علم تاريخ المتون هو علم يعرف به تاريخ ورود الحديث الشريف
“Ilmu tawarikhul mutun adalah ilmu yang mana dengan dia bisa diketahui akan sejarah datangnya hadits Nabi yang mulia (Nabi menyabdakan haditsnya)”[6]
- Objek Ilmu Tawarikhul Mutun
Hal-hal yang menjadi objek dari kajian ilmu tawarikhul mutun ini dapat ditentukan dengan melihat dari definisi yang telah dipaparkan di atas. Pengertian tersebut menyuratkan bahwa objek sasaran ilmu ini berupa tarikh (sejarah) kapan suatu matan hadits disabdakan oleh Rasulullah Shallallahu ‘Alaihi Wasallam. Letak perbedaannya dengan asbabul wurud[7] adalah jika ilmu asbabi wurudi’l hadits itu titik beratnya membahas tentang latar belakang dan sebab-sebab lahirnya hadits (dengan kata lain mengapa Nabi bersabda atau berbuat demikian), sementara ilmu tawarikhul mutun menitikberatkan pembahasannya kepada kapan atau di waktu apa hadits itu diucapkan atau perbuatan itu dilakukan oleh Rasulullah Shallallahu ‘Alaihi Wasallam.
Menurut Abdul Mustaqim, sebenarnya dalam konteks ilmu tawarikhul mutun perlu juga dikembangkan teori kategori hadits-hadits makkiyah dan madaniyah, sebagaimana kajian ulumul qur’an. Sebab boleh jadi masing-masing redaksional memiliki kekhususan redaksi maupun isi kandungan. Hal ini akan membantu mencari mana hadits yang nasikh dan mana hadits yang mansukh. Di samping itu, pengetahuan hadits makkiyah dan madaniyah juga akan memberikan informasi tentang bagaimana evolusi perkembangan syari’at Islam.[8]
- Urgensi Ilmu Tawarikhul Mutun
Penelitian terhadap hadits sangat diperlukan, karena hadits sampai kepada umat Islam melalui jalur dan jalan periwayatan yang panjang. Sehingga wajar apabila terdapat kesalahan-kesalahan terhadap pemahaman hadits Nabi Shallallahu ‘Alaihi Wasallam tersebut. Hadits tidak bertambah jumlahnya setelah wafatnya Rasulullah Shallallahu ‘Alaihi Wasallam, sedangkan permasalahan yang dihadapi oleh umat Islam terus berkembang sehubungan dengan perkembangan zaman. Oleh karena itu di dalam memahami hadits diperlukan metode pemahaman yang tepat melalui pendekatan yang komprehensif, baik tekstual maupun kontekstual dengan berbagai bentuk dan kaidah-kaidahnya.[9]
Pemahaman hadits dengan pendekatan kontekstual inilah di antaranya dengan melalui ilmu asbabul wurud dan ilmu tawarikhul mutun.
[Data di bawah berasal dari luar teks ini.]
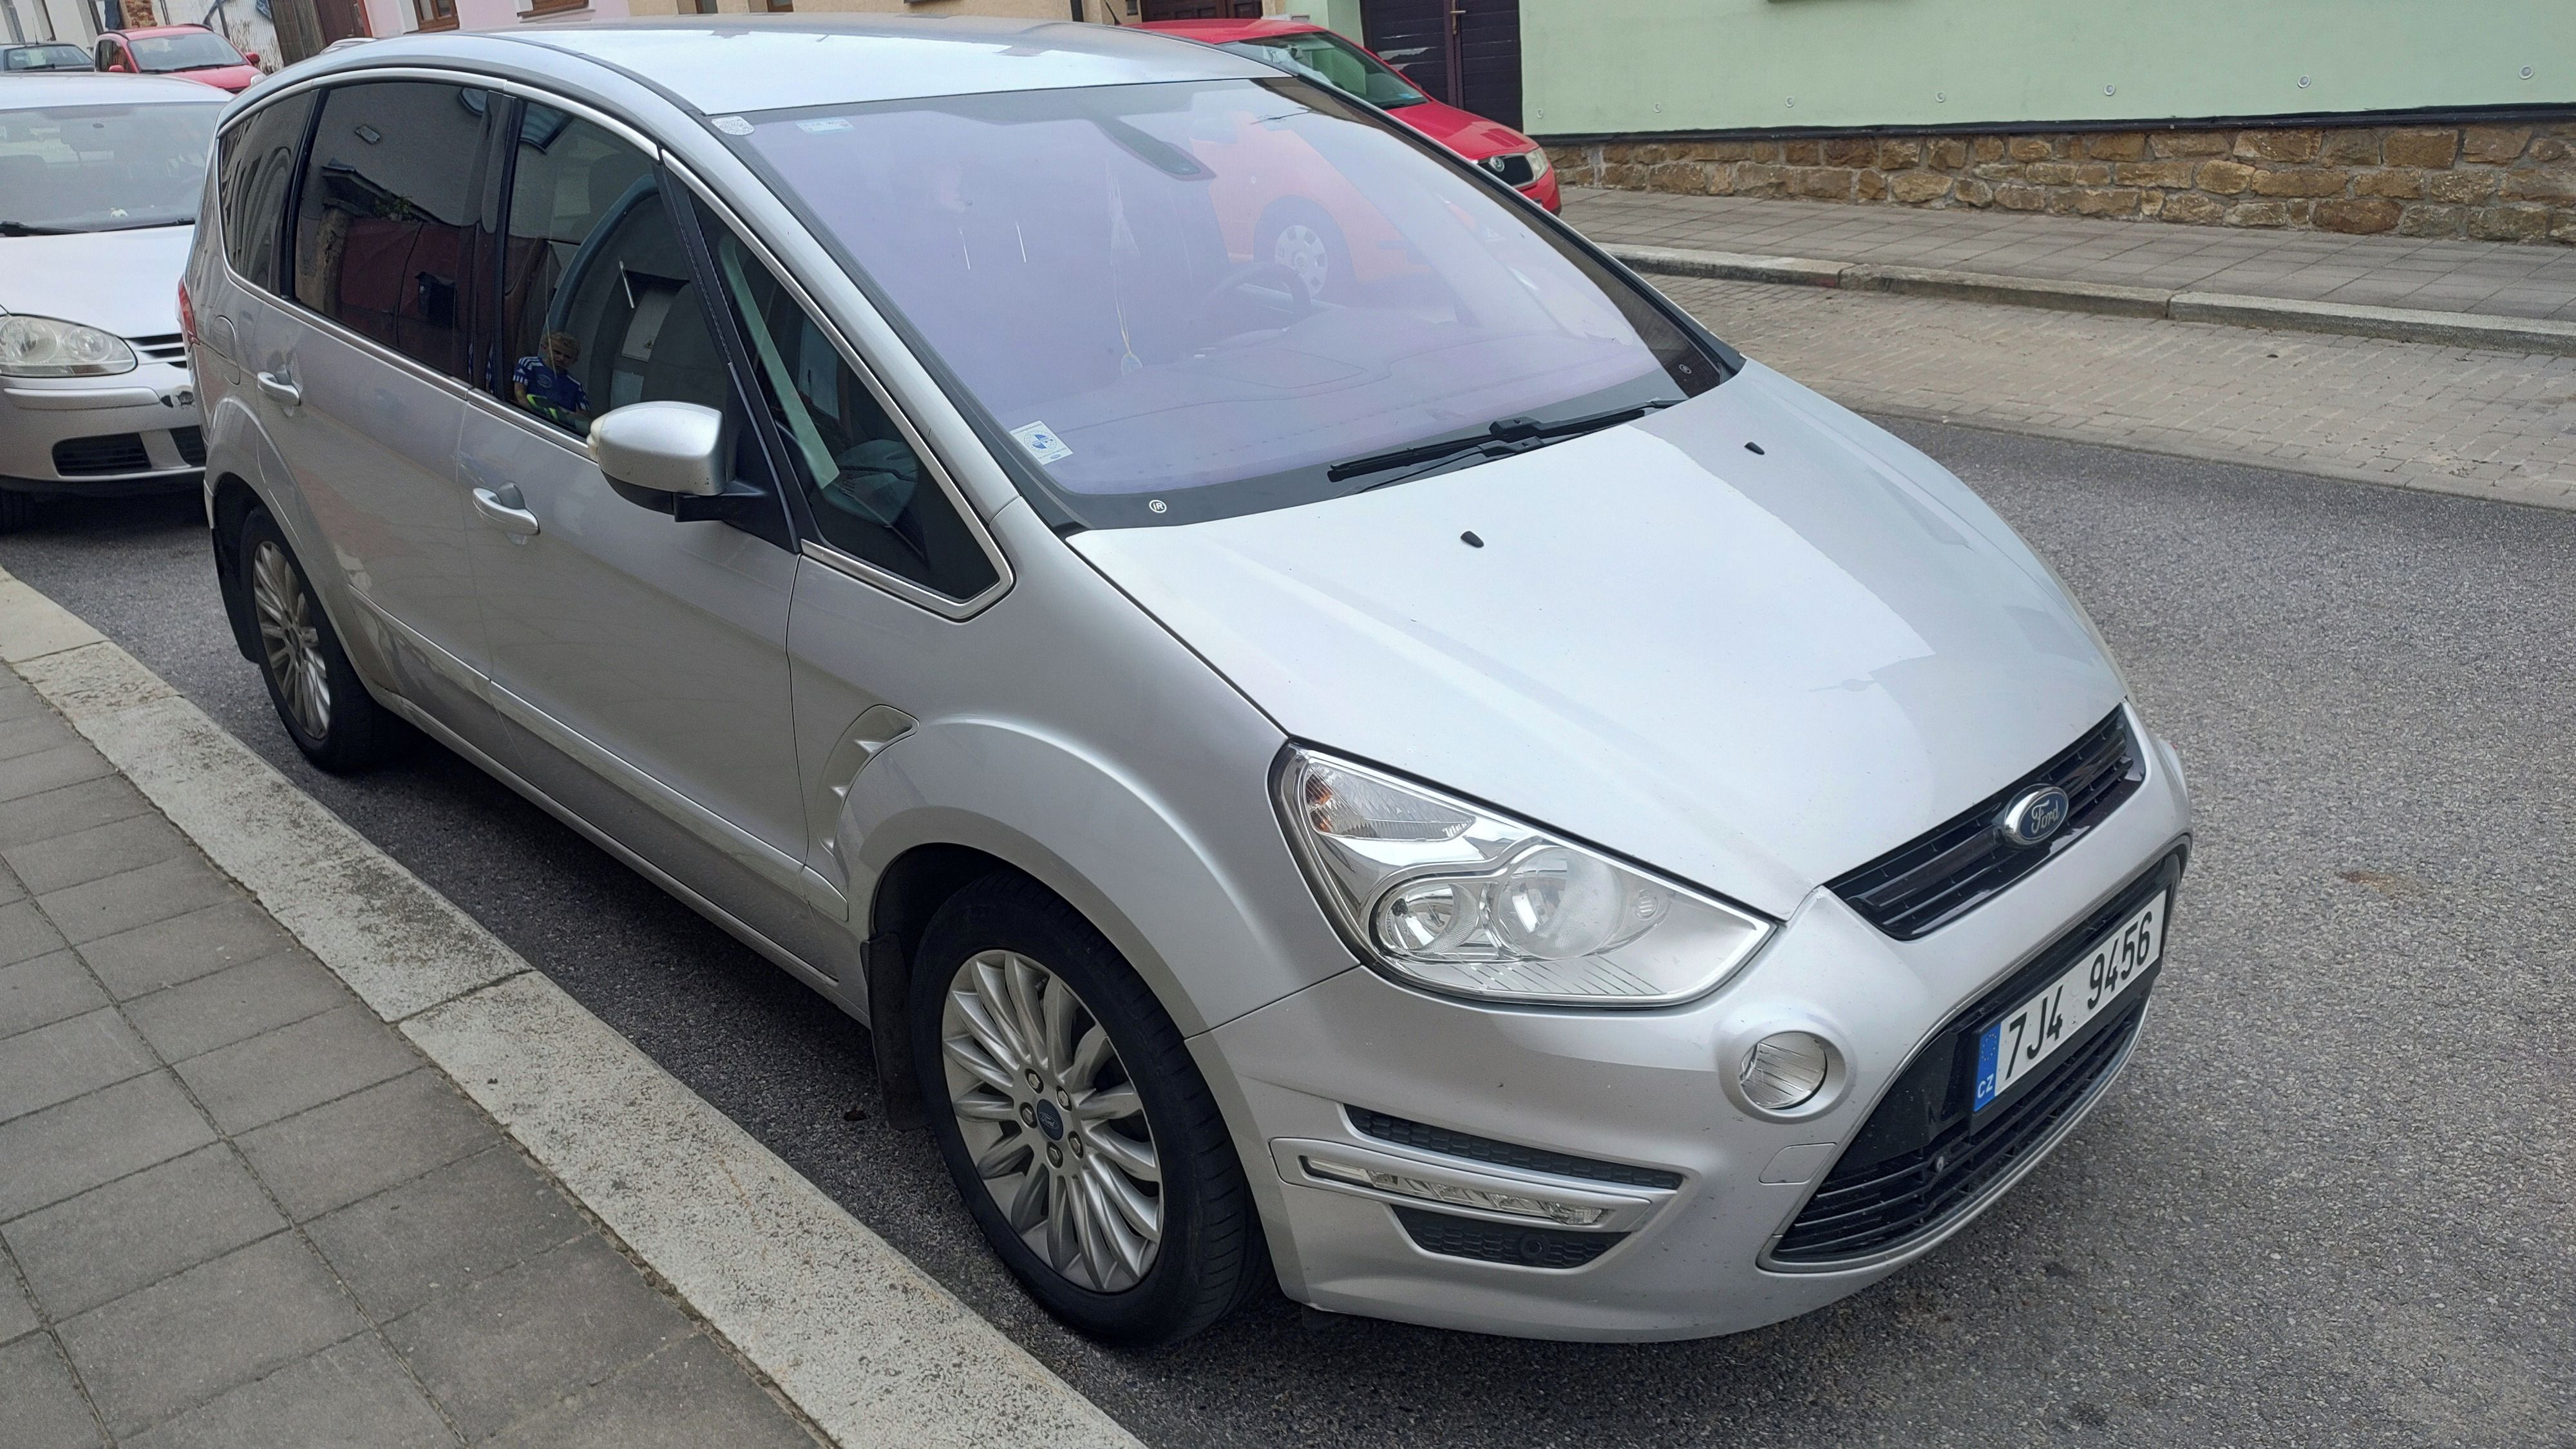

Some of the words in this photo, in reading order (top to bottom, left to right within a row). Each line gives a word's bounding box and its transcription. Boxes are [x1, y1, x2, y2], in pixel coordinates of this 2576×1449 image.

[2031, 799, 2060, 834] Ford
[2005, 984, 2063, 1081] 7J4
[2087, 911, 2153, 1010] 9456
[1978, 1074, 1994, 1099] CZ
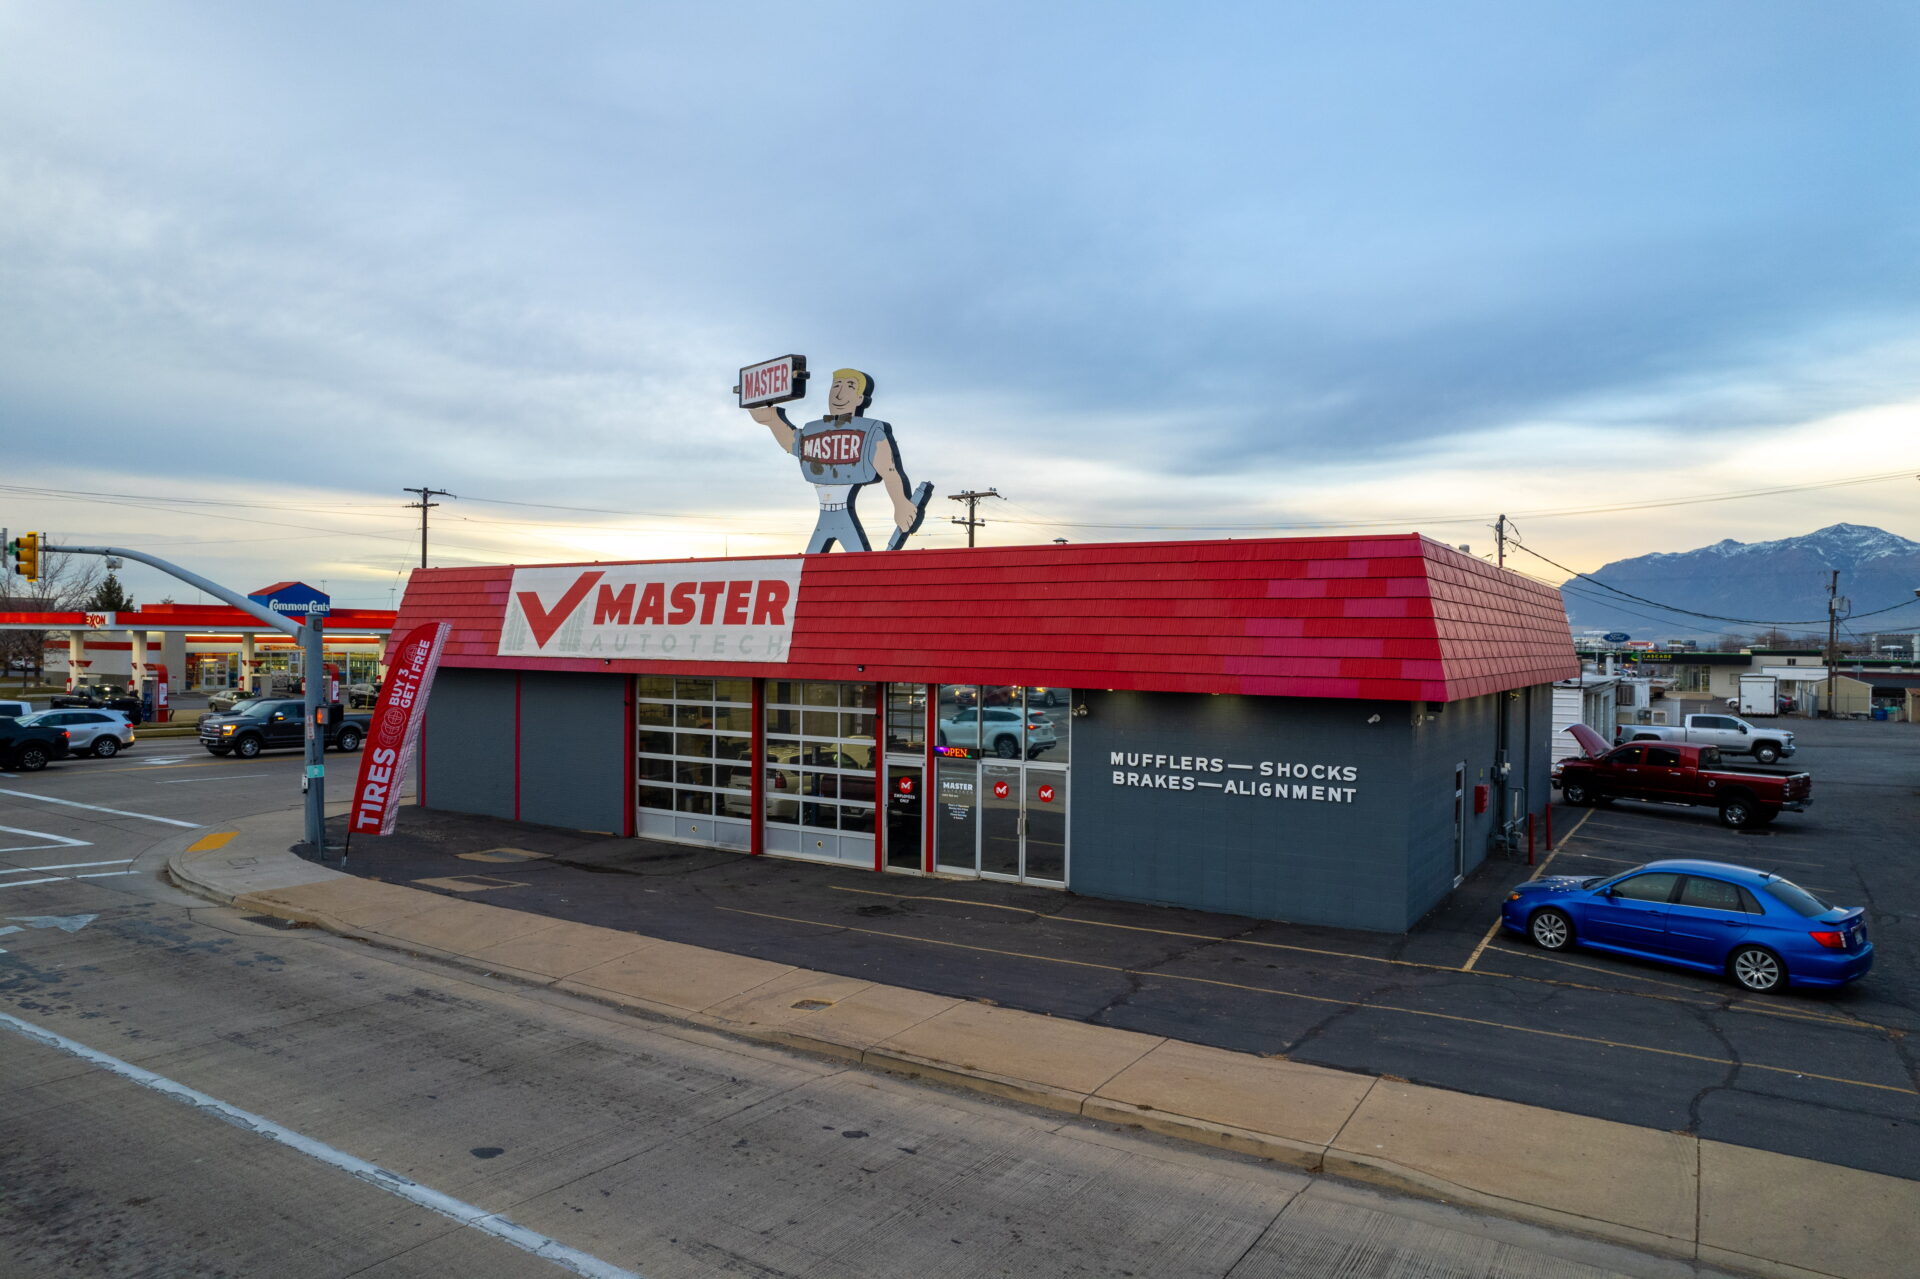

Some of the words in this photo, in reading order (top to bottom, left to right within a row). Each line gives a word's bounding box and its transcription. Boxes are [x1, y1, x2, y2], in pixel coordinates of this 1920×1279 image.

[745, 363, 789, 400] MASTER
[803, 434, 861, 460] MASTER
[268, 599, 308, 613] Common
[308, 600, 330, 613] Cents
[592, 579, 791, 627] MASTER
[86, 613, 106, 629] EXXON
[589, 633, 785, 656] AUTOTECH
[388, 678, 405, 706] BUY
[398, 668, 409, 677] 3
[400, 682, 416, 708] GET
[411, 639, 430, 673] FREE
[943, 747, 968, 758] OPEN
[1110, 751, 1224, 773] MUFFLERS
[1259, 761, 1358, 782] SHOCKS
[357, 747, 396, 829] TIRES
[943, 782, 973, 791] MASTER
[1112, 771, 1195, 791] BRAKES
[1224, 780, 1357, 803] ALIGNMENT
Hal tersebut terutama berkaitan erat dengan hadits-hadits hukum. Sebab adakalanya hadits hukum yang disampaikan atau dilakukan oleh Rasulullah bersifat kasuistik, kultural bahkan temporal. Maka dari itu, pemahaman sisi historis suatu matan hadits tidak bisa dilepaskan begitu saja agar terhindar dari kesalahpahaman memahami hadits dan ketidaktahuan bahwa hukum tersebut telah terhapuskan. Pemahaman hadits yang mengabaikan peranan tawarikhul mutun dan asbabul wurud akan cenderung bersifat kaku, literalis-skriptualis, bahkan terkadang kurang akomodatif terhadap perkembangan zaman.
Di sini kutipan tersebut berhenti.